El índice de rechazo al jefe de Estado, por su parte, que llegó a subir desde el 38 % en abril hasta el 43 % en mayo, permaneció estable en el último mes al ubicarse en el 44 % en junio.

De la misma forma, el porcentaje de brasileños que califica la gestión del líder ultraderechista como regular, que cayó desde el 26 % en abril hasta el 22 % en mayo, prácticamente no varió en junio, cuando se ubicó en el 23 %.

El sondeo consultó telefónicamente 2.016 adultos en todas las regiones del país entre el 23 y el 24 de junio y tiene un margen de error de 2 puntos porcentuales.

En cualquier caso, Bolsonaro sigue siendo el presidente peor evaluado en su segundo año de mandato desde que Brasil recuperó la democracia en 1985.

El peor evaluado antes de Bolsonaro era Fernando Collor (1990-1992), que en septiembre de 1991, con un año y seis meses de gestión, tenía un índice de rechazo del 41 %. Collor renunció un año después presionado por un escándalo de corrupción y poco antes de que el Congreso aprobara su destitución.

Con año y medio de Gobierno el índice de rechazo de Fernando Henrique Carodoso (1995-2002) era del 25 %, el de Luiz Inácio Lula da Silva (2003-2010) del 17 % y el de Dilma Rousseff (2011-2016) del 5 %.

El sondeo divulgado este viernes mostró igualmente que la mayor parte de los brasileños tiene una evaluación negativa del capitán de la reserva del Ejército, ya que el 46 % asegura que nunca confía en lo que Bolsonaro dice, un 23 % que sólo confía a veces y un 20 % que siempre confía.

BOLSONARO, BLANCO DE NUMEROSAS CRÍTICAS

La estabilidad de los índices de aprobación y de rechazo de Bolsonaro se produce en un mes en que el presidente ha enfrentado varias crisis que lo han convertido como blanco de numerosas críticas.

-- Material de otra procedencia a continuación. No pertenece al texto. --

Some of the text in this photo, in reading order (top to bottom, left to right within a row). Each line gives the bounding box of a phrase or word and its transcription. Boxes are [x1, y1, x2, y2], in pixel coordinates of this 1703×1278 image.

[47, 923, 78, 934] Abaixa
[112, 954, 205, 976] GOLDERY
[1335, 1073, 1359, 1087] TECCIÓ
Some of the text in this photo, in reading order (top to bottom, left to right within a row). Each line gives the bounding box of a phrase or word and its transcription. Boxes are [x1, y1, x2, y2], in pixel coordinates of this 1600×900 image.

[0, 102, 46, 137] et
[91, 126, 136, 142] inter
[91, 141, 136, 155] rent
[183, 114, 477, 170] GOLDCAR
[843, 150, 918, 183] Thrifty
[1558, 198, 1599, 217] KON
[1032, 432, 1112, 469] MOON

El gobernante, que ha tenido tres ministros de Salud en los últimos tres meses, es muy cuestionado por su escepticismo frente a la gravedad de la pandemia del coronavirus pese a que Brasil ya es el segundo país en el mundo con más muertes por COVID-19, con cerca de 55.000, y más contagios, con más de 1,2 millones.

El mandatario igualmente enfrenta la crisis económica generada por la pandemia y que amenaza con hundir a Brasil este año en su mayor recesión en varias décadas. Según las proyecciones del Banco Central y de los economistas, el PIB brasileño se contraerá un 6,4 % en 2020.

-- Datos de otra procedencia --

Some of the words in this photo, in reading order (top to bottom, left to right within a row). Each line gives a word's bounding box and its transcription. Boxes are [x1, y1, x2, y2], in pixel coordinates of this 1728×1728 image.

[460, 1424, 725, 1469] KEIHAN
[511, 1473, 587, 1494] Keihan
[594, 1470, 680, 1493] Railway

En las últimas semanas Bolsonaro igualmente ha protagonizado disputas con los poderes Judicial y Legislativo.

El líder ultraderechista es investigado por la Corte Suprema por presuntas presiones e injerencias políticas e ilegales en la Policía Federal, que fueron denunciadas por el exjuez Sergio Moro cuando anunció en marzo su renuncia como ministro de Justicia.

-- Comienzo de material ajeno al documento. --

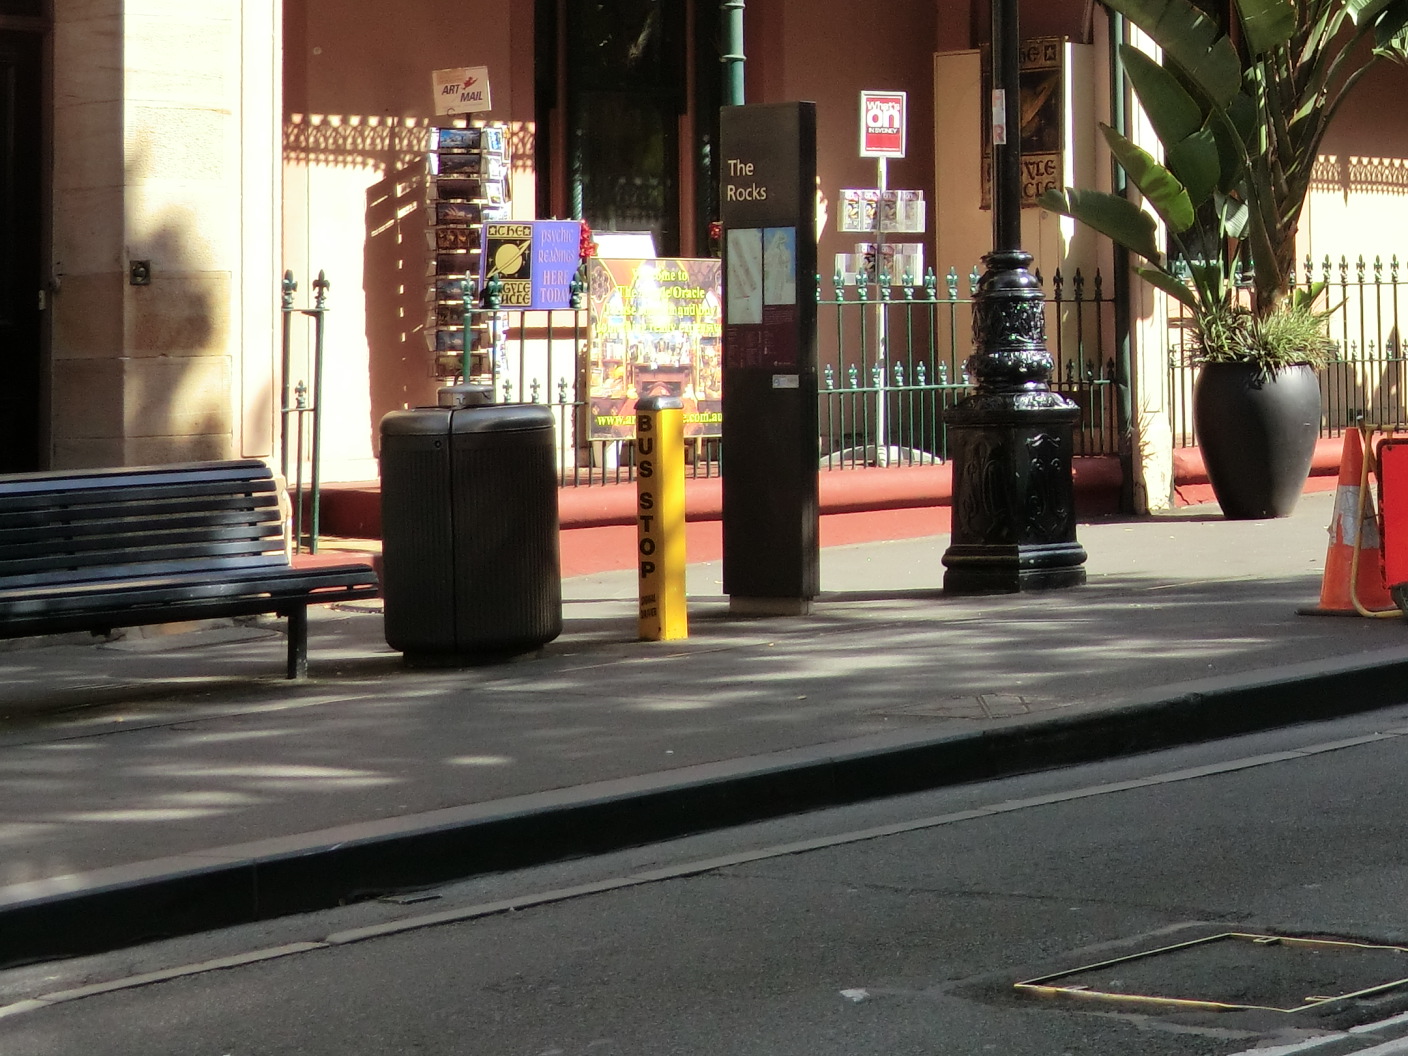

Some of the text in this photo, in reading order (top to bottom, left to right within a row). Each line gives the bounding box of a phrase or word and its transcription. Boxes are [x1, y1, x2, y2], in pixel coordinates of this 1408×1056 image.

En los últimos días el Supremo Tribunal Federal ordenó arrestos, registros y levantamientos de sigilos bancarios contra seguidores, allegados y aliados políticos del mandatario en una investigación por la organización y financiación de manifestaciones consideradas antidemocráticas por defender una "intervención militar".

El Tribunal Superior Electoral también abrió una investigación contra Bolsonaro en un caso que podría anular su triunfo en las elecciones de 2018 por la diseminación de noticias falsas durante su campaña.

A esa situación se sumaron otras dos crisis la semana pasada con las presiones que culminaron con la renuncia del cuestionado ministro de Educación, Abraham Weintraub, y con el arresto de Fabricio Queiroz, un allegado del líder ultraderechista y que es personaje clave en la investigación por corrupción abierta contra el hijo mayor del presidente, el senador Flavio Bolsonaro.

Queiroz, cuyo paradero era desconocido desde hacía varios meses, fue localizado por la Policía en una residencia de propiedad de uno de los abogados del mandatario.

Según el sondeo de Datafolha, el 64 % de los brasileños considera que Bolsonaro sabía dónde se escondía Queiroz.